Emil Michael, Trump’s candidate for the defense and engineering defense uncECrecretary, believes that the Pentagon could rely less in custom -made defense systems and more open to existing commercial products when looking for new technologies to buy. “We don’t need things that are always tailor -made,” he said.
Michael, who is not yet confirmed by his role in the Pentagon, said that DOD could also benefit from looking at opportunities to save time, not just money. “Time savings is not something that is inherent in the DOD (which is) business model on risk reduction to their smallest possible component at the expense of moving as quickly as possible.”

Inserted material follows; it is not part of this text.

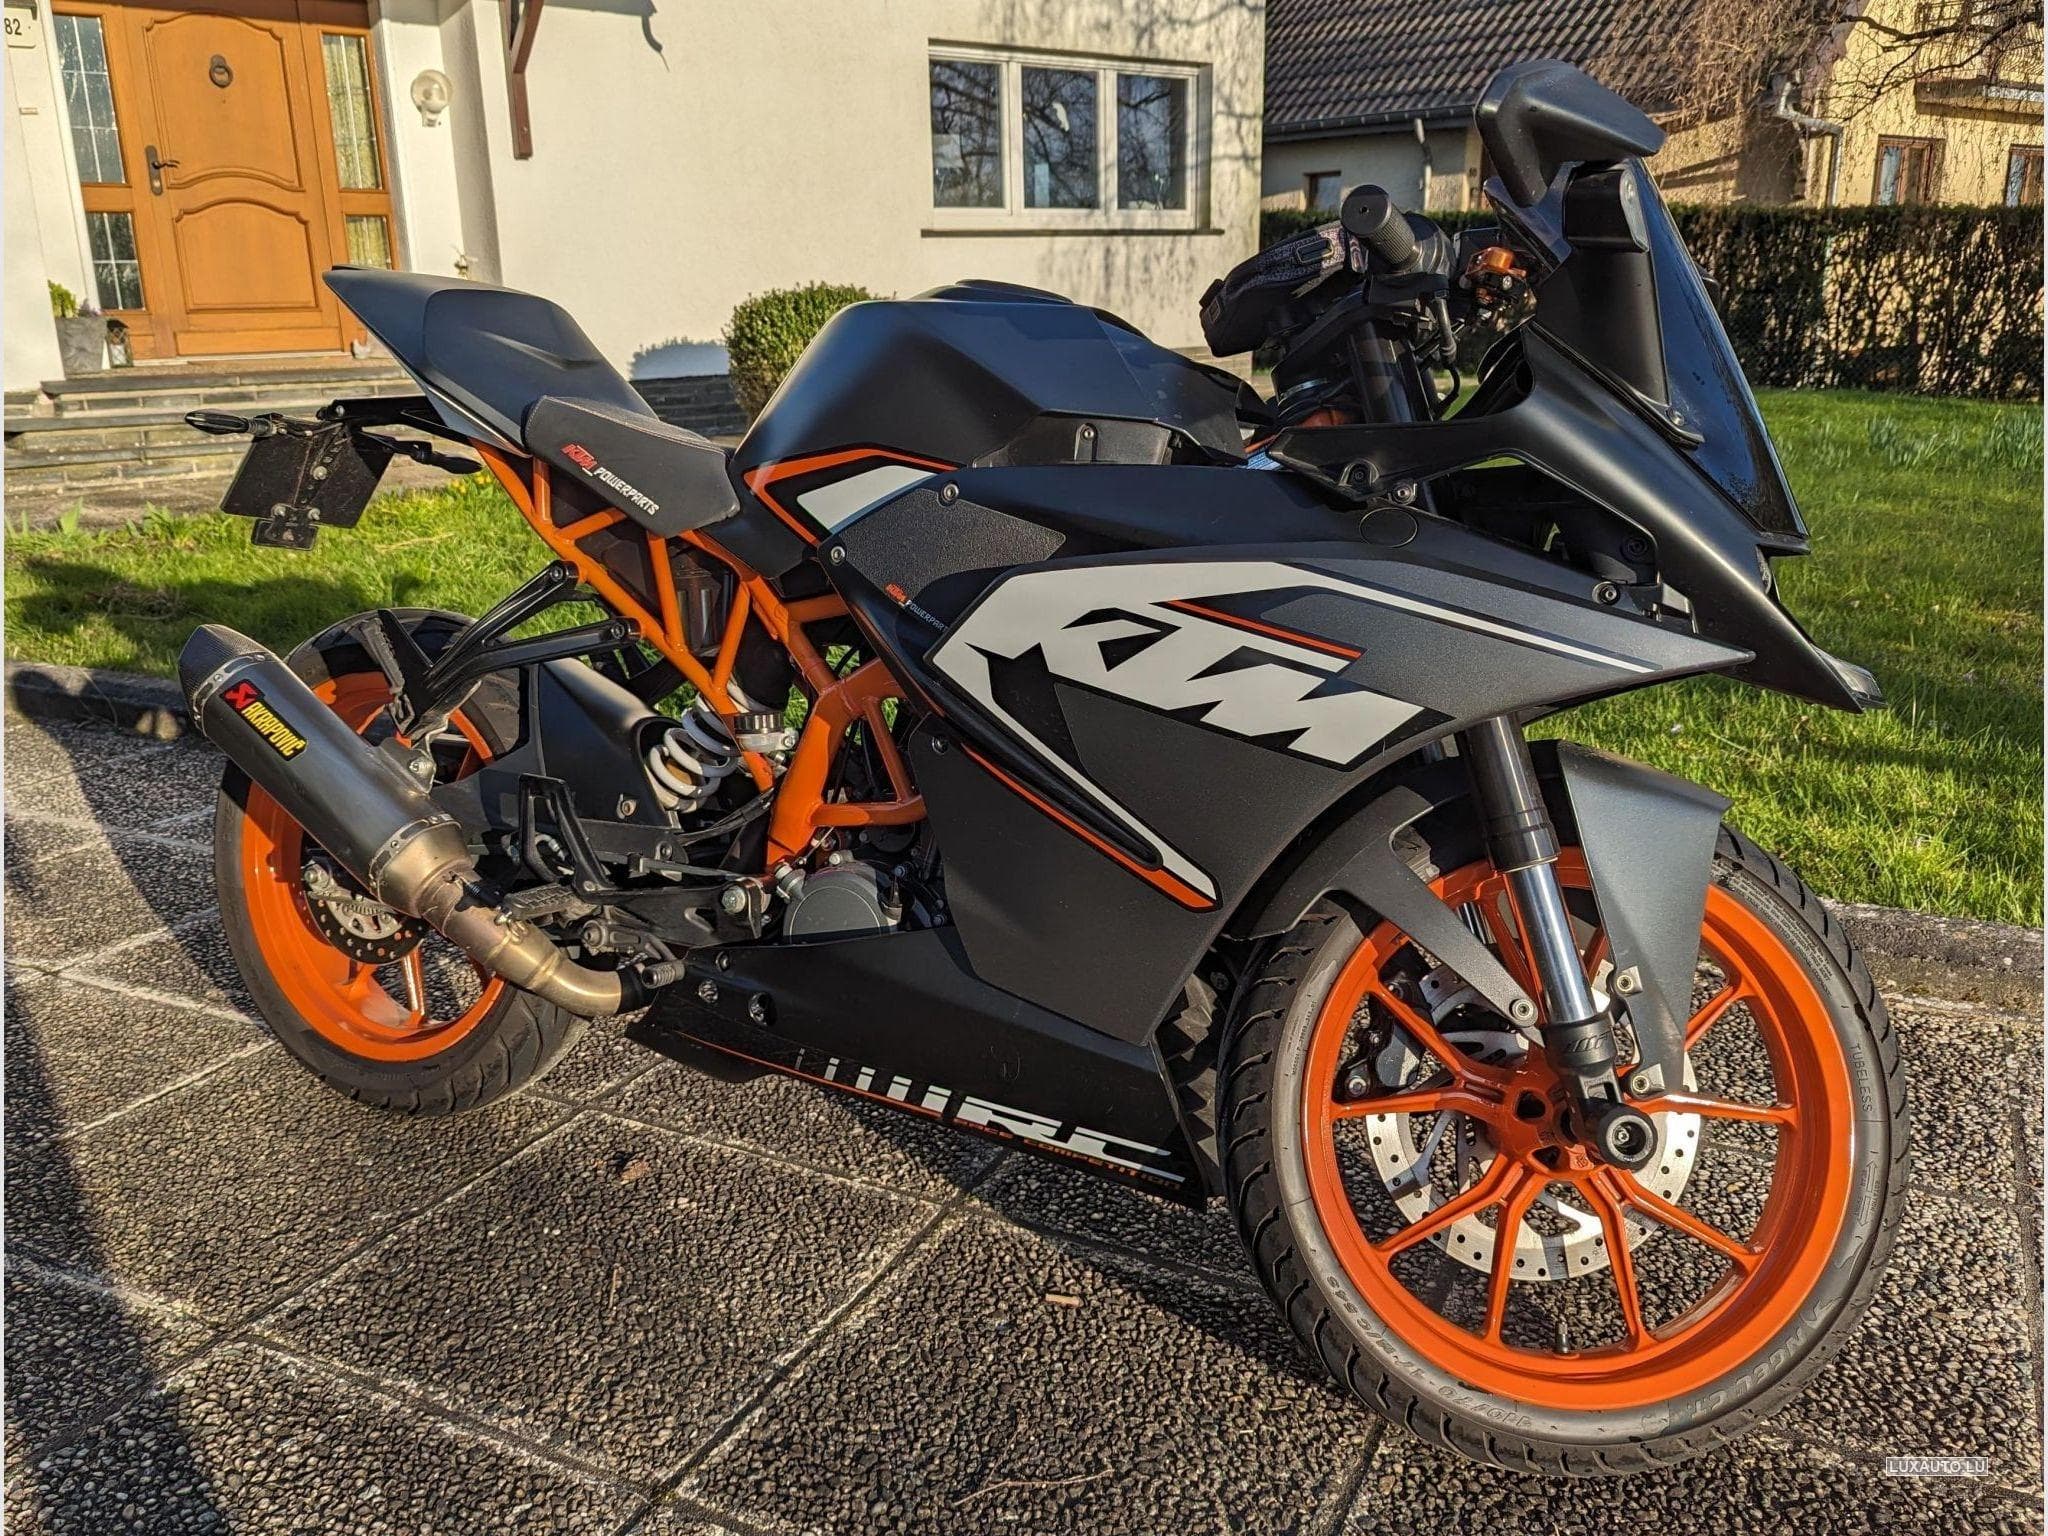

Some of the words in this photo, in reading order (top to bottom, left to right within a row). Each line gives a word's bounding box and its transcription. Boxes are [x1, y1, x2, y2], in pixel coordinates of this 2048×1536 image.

[593, 467, 660, 516] POWERPARTS
[945, 572, 1425, 765] KTM
[1850, 1042, 1873, 1113] TUBELESS

In debates on the development of new technologies, conversation often went to one of the Mantres of Silicon Valley: it fails quickly, often fails. The idea, which is a basis of technological culture, is that the numerous failed iterations of a product do not care so much while the final version works.
“Failure does not matter. It is the magnitude of the success that matters,” said Vinod Khosla risk capitalist, when he was asked how to make the Government more comfortable with risk taking.
Sankar de Palantir suggested to increase competition among the Department of Defense employees to create, so they would have a “incentive to overcome the bureaucrat two doors on the aisle”. He believes that the DOD is a monopstonia that stifled innovation as the only buyer of market defense systems.
Instead, Sankar proposed to have various program managers in charge of monitoring the same project, with the contract that came to the best result. “They would wake up every day like the Hypercompeting Americans trying to kill each other,” he said. “There would be an incentive like” Yes, let’s go faster. We do -better. “
Conference speakers said that ongoing geopolitical tensions and AI Weapon Race with China have only added more urgently to the topic.
“And when you are in a AI race when each innovation could lead to tens of billions, if not hundreds of billions, value creation by value, and think of value creation as best defense, shield, more deterrence, every minute you lose is expensive,” said Michael.